Extracted information >>
**********
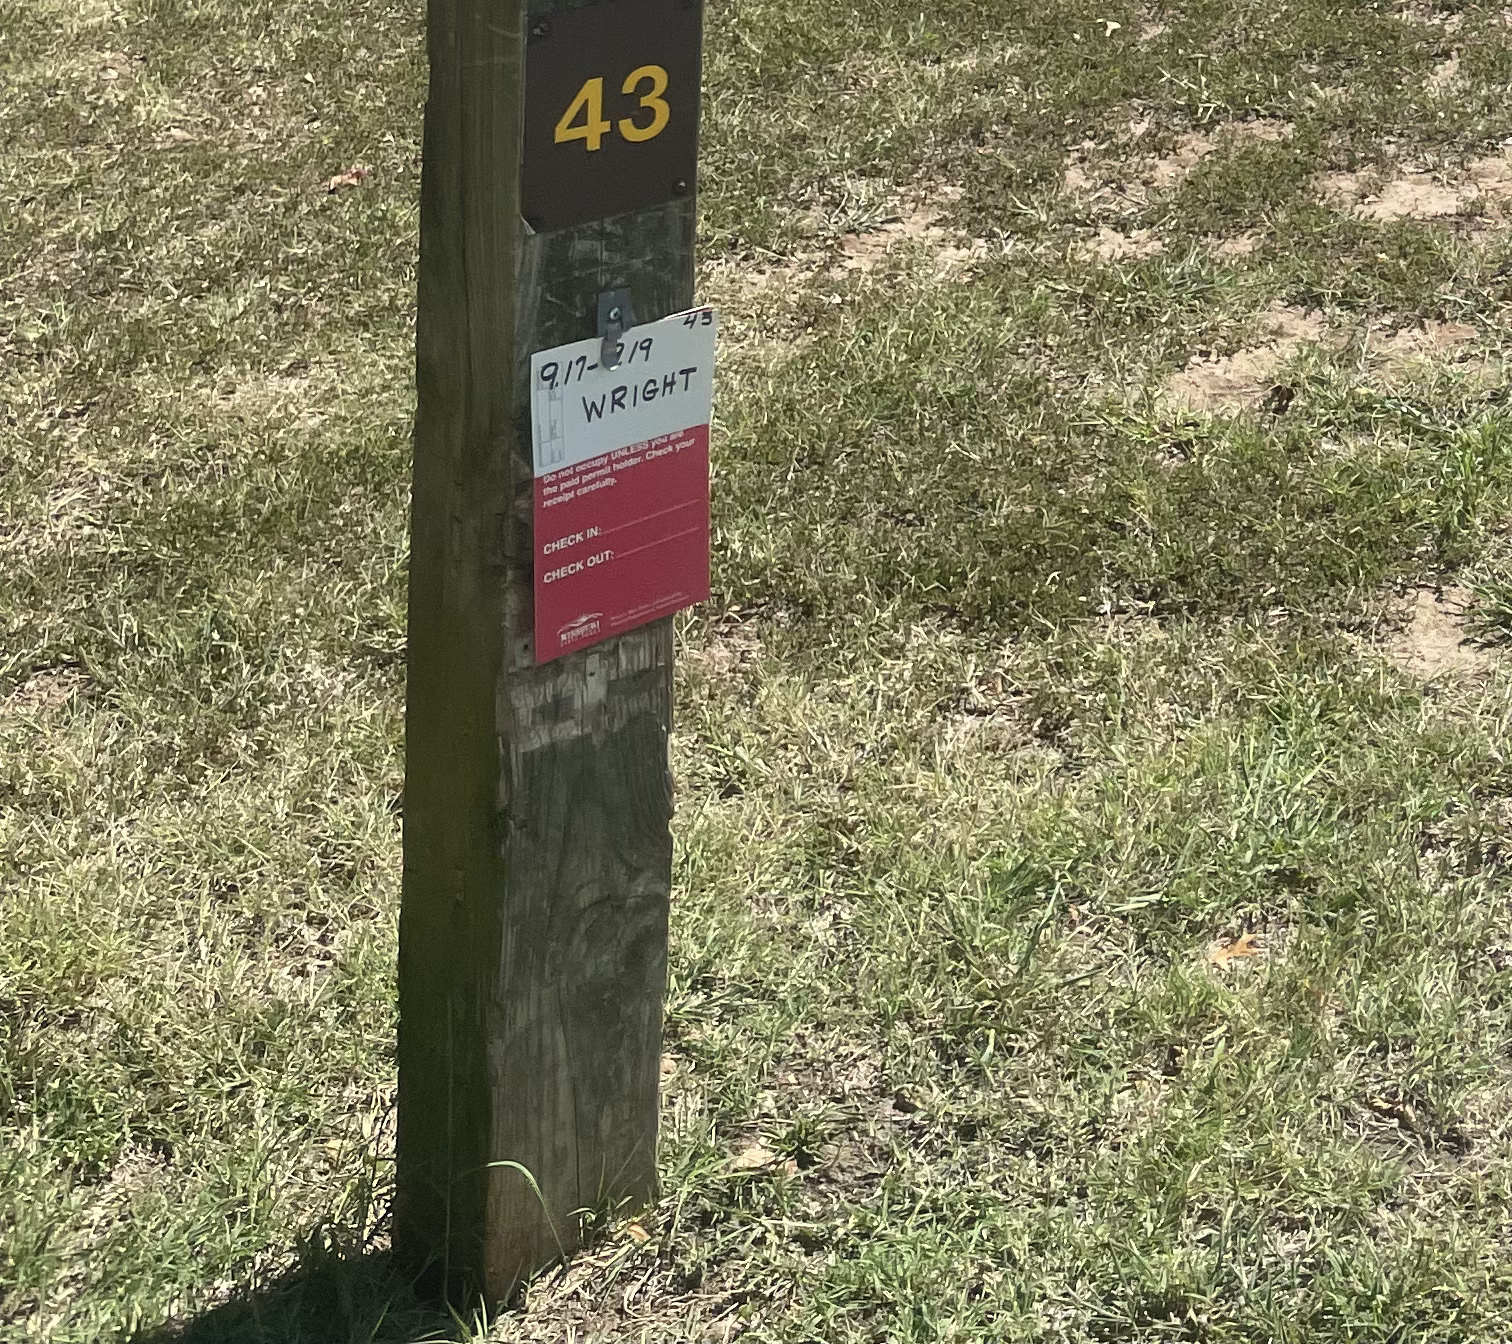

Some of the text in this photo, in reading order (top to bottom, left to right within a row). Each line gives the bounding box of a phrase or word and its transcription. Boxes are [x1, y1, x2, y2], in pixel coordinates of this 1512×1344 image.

[554, 64, 671, 152] 43
[581, 366, 698, 423] WRIGHT
[542, 484, 558, 496] the
[559, 475, 580, 492] paid
[581, 465, 611, 485] permit
[645, 444, 674, 461] Check
[675, 437, 696, 453] your
[558, 465, 574, 479] not
[575, 455, 609, 473] occupy
[610, 440, 649, 460] UNLESS
[650, 435, 668, 449] you
[542, 476, 618, 509] receipt carefully.
[543, 525, 603, 555] CHECK IN:
[543, 549, 615, 584] CHECK OUT:
**********
Brief >>
The listing above must be given again exactly, minus its pictures.

Exercise response >>
Some of the text in this photo, in reading order (top to bottom, left to right within a row). Each line gives the bounding box of a phrase or word and its transcription. Boxes are [x1, y1, x2, y2], in pixel coordinates of this 1512×1344 image.

[554, 64, 671, 152] 43
[581, 366, 698, 423] WRIGHT
[542, 484, 558, 496] the
[559, 475, 580, 492] paid
[581, 465, 611, 485] permit
[645, 444, 674, 461] Check
[675, 437, 696, 453] your
[558, 465, 574, 479] not
[575, 455, 609, 473] occupy
[610, 440, 649, 460] UNLESS
[650, 435, 668, 449] you
[542, 476, 618, 509] receipt carefully.
[543, 525, 603, 555] CHECK IN:
[543, 549, 615, 584] CHECK OUT:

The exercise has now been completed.